Efficacy of tigecycline/colistin combination in a pneumonia model caused by extensively drug-resistant Acinetobacter baumannii

Abstract

Due to increasing drug resistance, available antimicrobial options are limited in the treatment of Acinetobacter baumannii infections. Particularly in cases caused by extensively drug-resistant (XDR) A. baumannii, combination regimens must also be taken into consideration. In this study, the efficacies of tigecycline, colistin and tigecycline/colistin combination on bacterial counts in lung tissue were investigated in a rat pneumonia model. One A. baumannii strain resistant to all antimicrobial agents except tigecycline and colistin was selected for the study. In vivo studies revealed a >3log reduction in bacterial counts in the tigecycline, colistin and combination groups at 24h and 48h compared with the control group. No significant differences were determined between colistin, tigecycline and combination groups (P>0.05). On the other hand, differences between treatment groups and the control group were statistically significant (P=0.01).
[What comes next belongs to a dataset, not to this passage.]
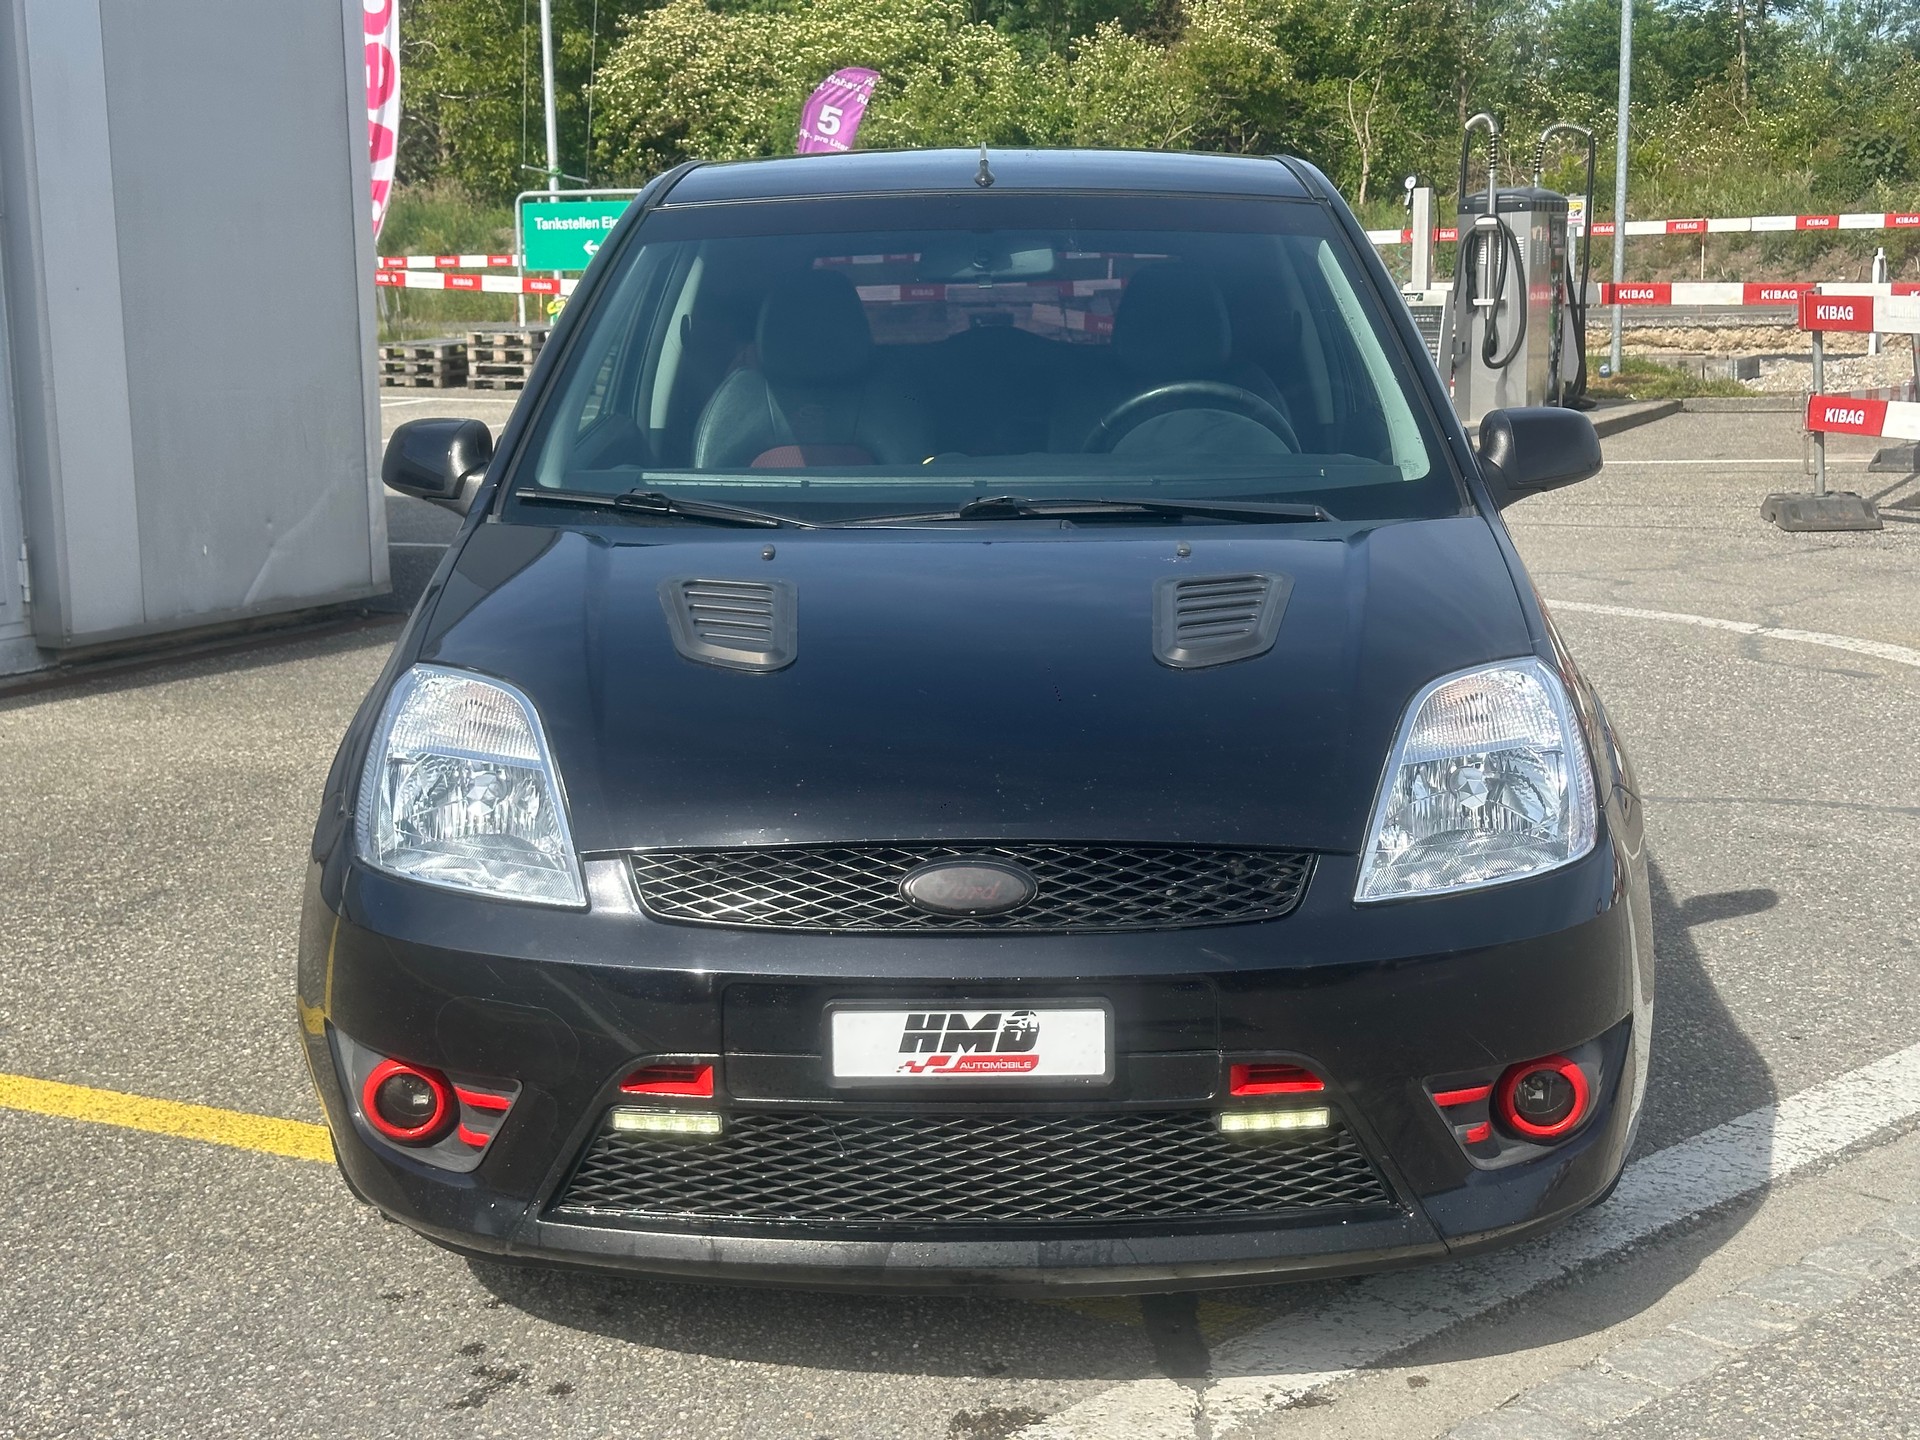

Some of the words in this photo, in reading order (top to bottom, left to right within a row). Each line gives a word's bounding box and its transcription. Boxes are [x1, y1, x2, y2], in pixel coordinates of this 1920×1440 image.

A greater reduction in bacterial counts was observed at 48h compared with 24h in the tigecycline group than in the colistin group (P=0.038 and P=0.139, respectively); the most significant decrease between 24h and 48h was observed in the combination group (P=0.014). Despite detection of in vitro synergistic activity in this study, no statistically significant differences were found between colistin, tigecycline and combination treatments in terms of efficacy on bacterial counts in lung tissue. In the treatment of infections with a high mortality rate such as pneumonia caused by XDR A. baumannii, combining tigecycline with colistin during the first 48h and continuing treatment with one of these agents seems a rational approach.